[Your task] Transcribe all of the entries below exactly. Leave out the pictures.

[Available data]
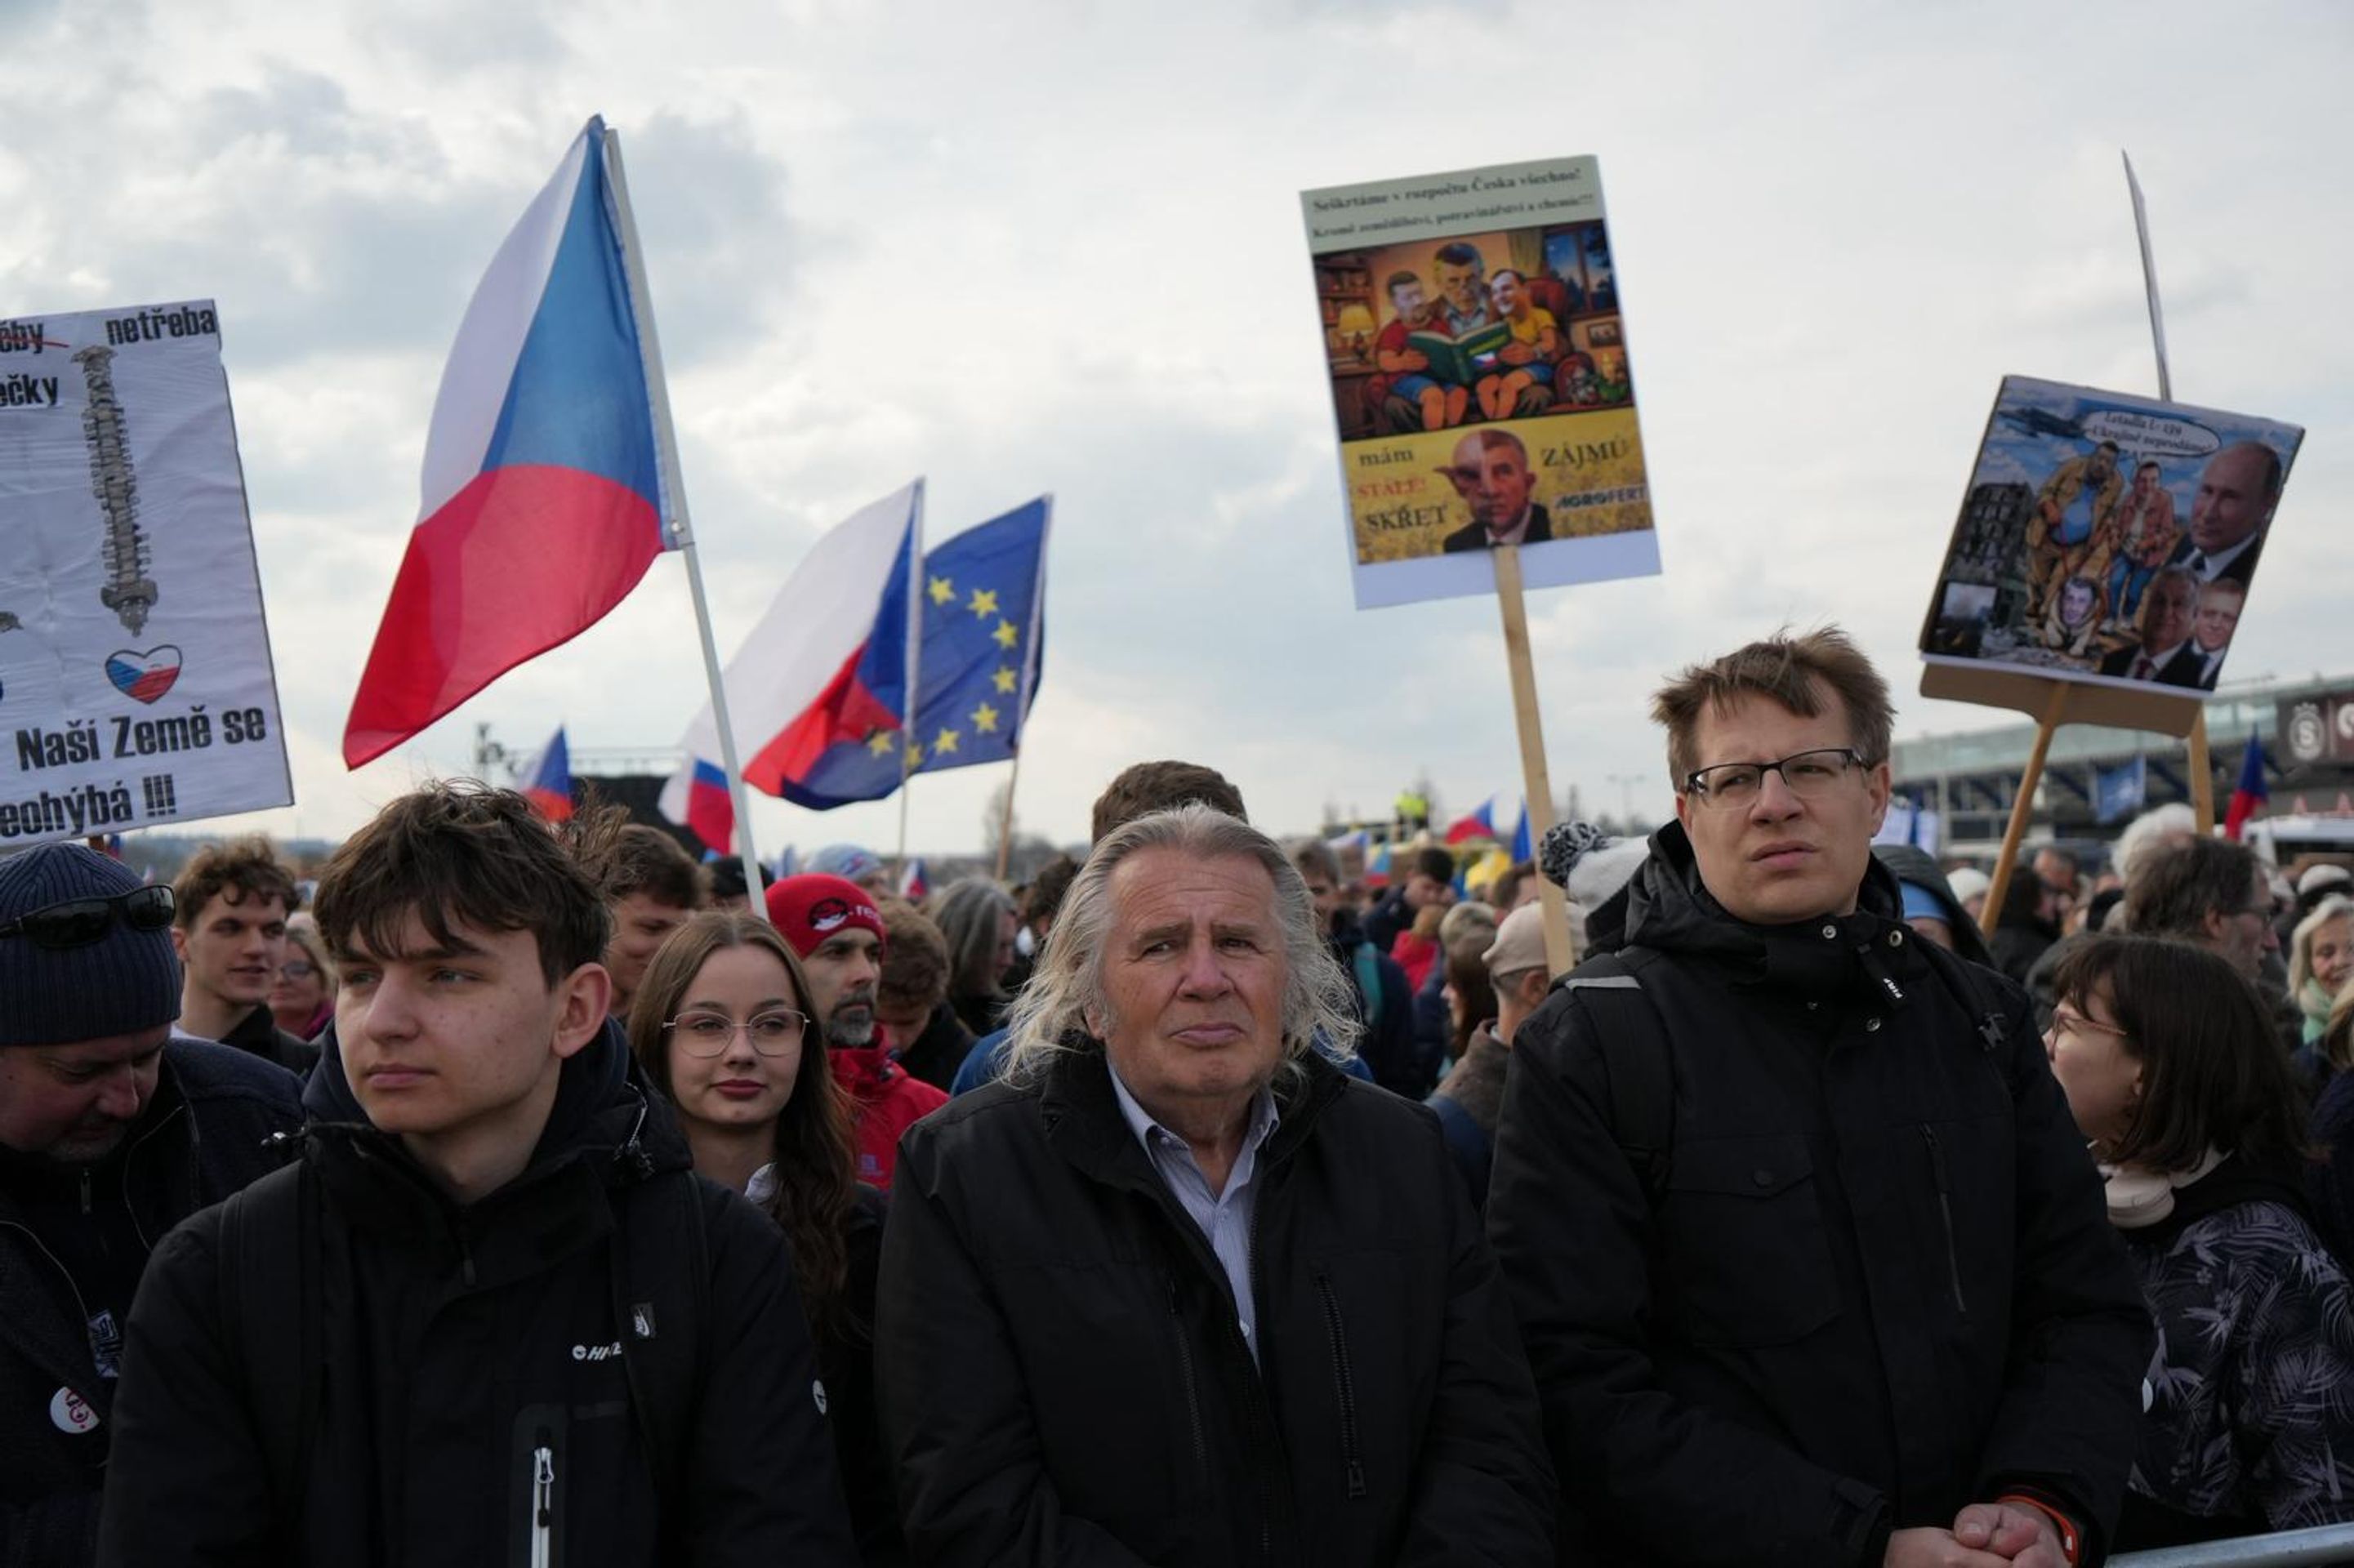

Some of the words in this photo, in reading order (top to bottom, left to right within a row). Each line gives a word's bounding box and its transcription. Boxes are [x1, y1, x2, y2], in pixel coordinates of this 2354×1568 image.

[105, 306, 217, 345] netřeba
[1359, 446, 1414, 466] mám
[16, 719, 100, 772] Naší
[110, 705, 212, 760] Země
[221, 707, 266, 745] se
[142, 774, 177, 817] !!!

[Solution]
Some of the words in this photo, in reading order (top to bottom, left to right within a row). Each line gives a word's bounding box and its transcription. Boxes are [x1, y1, x2, y2], in pixel coordinates of this 2354×1568 image.

[105, 306, 217, 345] netřeba
[1359, 446, 1414, 466] mám
[16, 719, 100, 772] Naší
[110, 705, 212, 760] Země
[221, 707, 266, 745] se
[142, 774, 177, 817] !!!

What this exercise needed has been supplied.